*EXERCISE*: Print back every record below, exactly as it stands.

##########

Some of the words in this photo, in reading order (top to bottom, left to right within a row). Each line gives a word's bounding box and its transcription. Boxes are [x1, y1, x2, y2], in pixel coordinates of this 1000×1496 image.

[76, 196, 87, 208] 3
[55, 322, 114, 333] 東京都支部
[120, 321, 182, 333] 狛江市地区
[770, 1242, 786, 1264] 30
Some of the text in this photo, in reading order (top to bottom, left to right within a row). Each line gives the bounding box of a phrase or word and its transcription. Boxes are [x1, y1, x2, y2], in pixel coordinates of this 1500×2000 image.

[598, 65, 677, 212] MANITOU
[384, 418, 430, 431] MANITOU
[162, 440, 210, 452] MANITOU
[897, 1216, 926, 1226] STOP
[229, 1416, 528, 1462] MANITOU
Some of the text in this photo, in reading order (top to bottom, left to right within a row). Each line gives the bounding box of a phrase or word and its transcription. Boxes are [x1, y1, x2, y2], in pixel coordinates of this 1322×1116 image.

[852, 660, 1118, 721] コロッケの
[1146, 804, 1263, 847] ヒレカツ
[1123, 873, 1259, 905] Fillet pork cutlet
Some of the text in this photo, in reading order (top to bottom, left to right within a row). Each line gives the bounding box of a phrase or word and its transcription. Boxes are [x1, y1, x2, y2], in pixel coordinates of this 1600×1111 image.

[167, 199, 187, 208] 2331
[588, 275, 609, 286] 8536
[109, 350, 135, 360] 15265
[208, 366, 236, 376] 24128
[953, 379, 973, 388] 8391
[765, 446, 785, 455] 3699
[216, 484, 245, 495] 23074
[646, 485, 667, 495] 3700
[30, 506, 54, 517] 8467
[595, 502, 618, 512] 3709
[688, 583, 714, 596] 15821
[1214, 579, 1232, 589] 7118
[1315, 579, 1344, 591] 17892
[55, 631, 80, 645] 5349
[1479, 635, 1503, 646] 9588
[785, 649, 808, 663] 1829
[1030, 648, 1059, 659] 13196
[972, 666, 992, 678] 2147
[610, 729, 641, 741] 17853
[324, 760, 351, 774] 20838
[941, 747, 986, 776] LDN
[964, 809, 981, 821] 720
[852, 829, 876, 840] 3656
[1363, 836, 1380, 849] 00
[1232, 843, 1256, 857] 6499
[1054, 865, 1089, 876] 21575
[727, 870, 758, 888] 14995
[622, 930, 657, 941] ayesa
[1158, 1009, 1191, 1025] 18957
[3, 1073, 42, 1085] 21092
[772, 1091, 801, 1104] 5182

##########

*YOUR RESPONSE*:
Some of the words in this photo, in reading order (top to bottom, left to right within a row). Each line gives a word's bounding box and its transcription. Boxes are [x1, y1, x2, y2], in pixel coordinates of this 1000×1496 image.

[76, 196, 87, 208] 3
[55, 322, 114, 333] 東京都支部
[120, 321, 182, 333] 狛江市地区
[770, 1242, 786, 1264] 30
Some of the text in this photo, in reading order (top to bottom, left to right within a row). Each line gives the bounding box of a phrase or word and its transcription. Boxes are [x1, y1, x2, y2], in pixel coordinates of this 1500×2000 image.

[598, 65, 677, 212] MANITOU
[384, 418, 430, 431] MANITOU
[162, 440, 210, 452] MANITOU
[897, 1216, 926, 1226] STOP
[229, 1416, 528, 1462] MANITOU
Some of the text in this photo, in reading order (top to bottom, left to right within a row). Each line gives the bounding box of a phrase or word and its transcription. Boxes are [x1, y1, x2, y2], in pixel coordinates of this 1322×1116 image.

[852, 660, 1118, 721] コロッケの
[1146, 804, 1263, 847] ヒレカツ
[1123, 873, 1259, 905] Fillet pork cutlet
Some of the text in this photo, in reading order (top to bottom, left to right within a row). Each line gives the bounding box of a phrase or word and its transcription. Boxes are [x1, y1, x2, y2], in pixel coordinates of this 1600×1111 image.

[167, 199, 187, 208] 2331
[588, 275, 609, 286] 8536
[109, 350, 135, 360] 15265
[208, 366, 236, 376] 24128
[953, 379, 973, 388] 8391
[765, 446, 785, 455] 3699
[216, 484, 245, 495] 23074
[646, 485, 667, 495] 3700
[30, 506, 54, 517] 8467
[595, 502, 618, 512] 3709
[688, 583, 714, 596] 15821
[1214, 579, 1232, 589] 7118
[1315, 579, 1344, 591] 17892
[55, 631, 80, 645] 5349
[1479, 635, 1503, 646] 9588
[785, 649, 808, 663] 1829
[1030, 648, 1059, 659] 13196
[972, 666, 992, 678] 2147
[610, 729, 641, 741] 17853
[324, 760, 351, 774] 20838
[941, 747, 986, 776] LDN
[964, 809, 981, 821] 720
[852, 829, 876, 840] 3656
[1363, 836, 1380, 849] 00
[1232, 843, 1256, 857] 6499
[1054, 865, 1089, 876] 21575
[727, 870, 758, 888] 14995
[622, 930, 657, 941] ayesa
[1158, 1009, 1191, 1025] 18957
[3, 1073, 42, 1085] 21092
[772, 1091, 801, 1104] 5182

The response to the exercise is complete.